Selling price $60 per unit
Variable cost $40 per unit
Fixed costs $25,000 per month
Forecast sales 1,800 units per month
Required
Prepare a breakeven chart using the above data.

Question 9
a) From the following information you are required to construct:
i) a break-even chart, showing the break-even point and the margin of safety;
ii) a chart displaying the contribution level and the profit level;
iii) a profit–volume chart.
Sales 6000 units Tshs
At 120/unit 720,000
Variable costs 6000 units
At 70 /unit 420,000
Fixed costs 200,000
b) State the purposes of each of the three charts in (a) above.

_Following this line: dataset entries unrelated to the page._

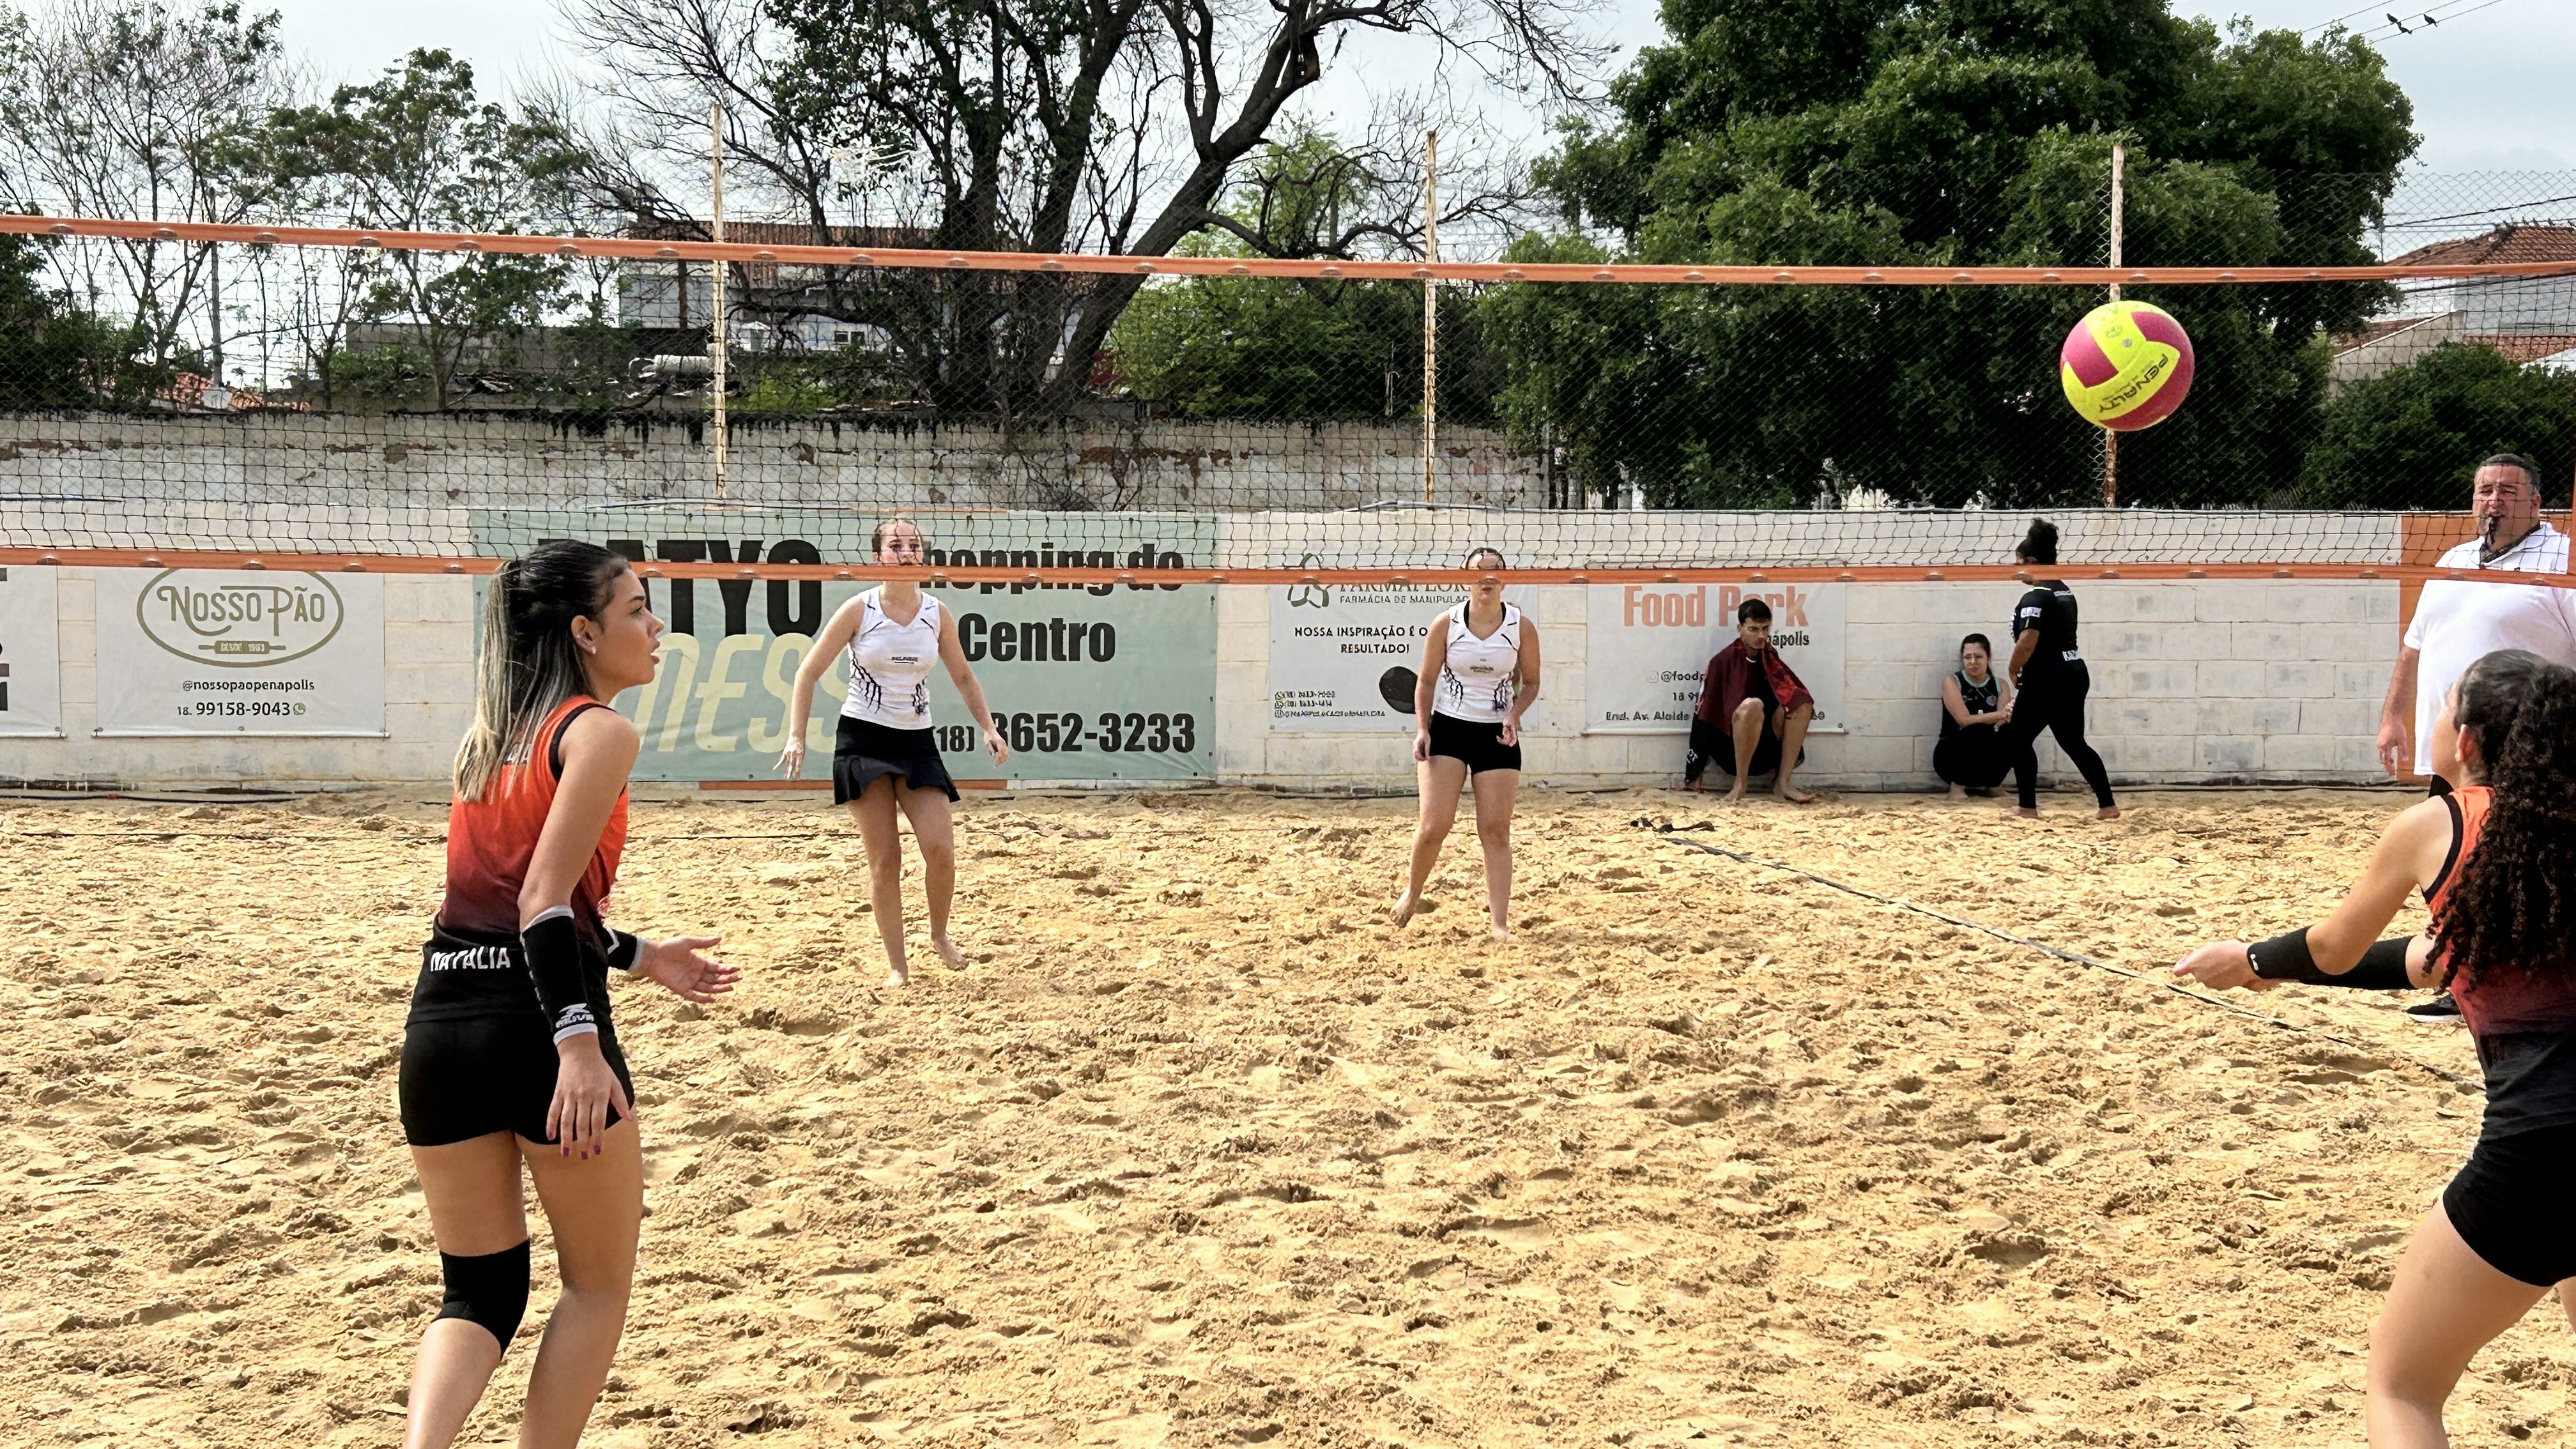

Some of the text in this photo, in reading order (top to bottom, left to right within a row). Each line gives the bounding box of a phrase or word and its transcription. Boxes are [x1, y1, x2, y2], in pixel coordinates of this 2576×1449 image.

[2099, 353, 2168, 413] PENALTY
[220, 585, 325, 636] PÃO
[1624, 585, 1809, 627] Food Prk
[958, 613, 1116, 662] Centro
[1294, 626, 1333, 637] NOSSA
[1337, 625, 1406, 640] INSPIRAÇÃO
[1418, 627, 1428, 637] O
[1341, 643, 1409, 654] RESULTADO!
[182, 679, 314, 693] @nossopaopenapolis
[195, 702, 291, 716] 99158-9043
[430, 946, 510, 972] NATALIA

c) Outline the limitations of break-even analysis
d) What are the advantages of graphical presentation of financial data to executives?

Question 10
A company produces and sells two products with the following costs:
Product Q Product R
Variable costs (Tsh/unit) 4.5 6
Fixed costs per period( Tshs) 12,120,000 12,120,000
Total sales revenue is currently generated by the two products in the following proportions:
Product Q 70%
Product R 30%
Required:
a) Calculate the break-even sales revenue per period, based on the sales mix assumed
above.
b) Prepare a profit–volume chart of the above situation for sales revenue up to Tsh
40,000,000.
c) Show on the same chart the effect of a change in the sales mix to product Q 50%,
product R 50%. Clearly indicate on the chart the break-even point for each situation.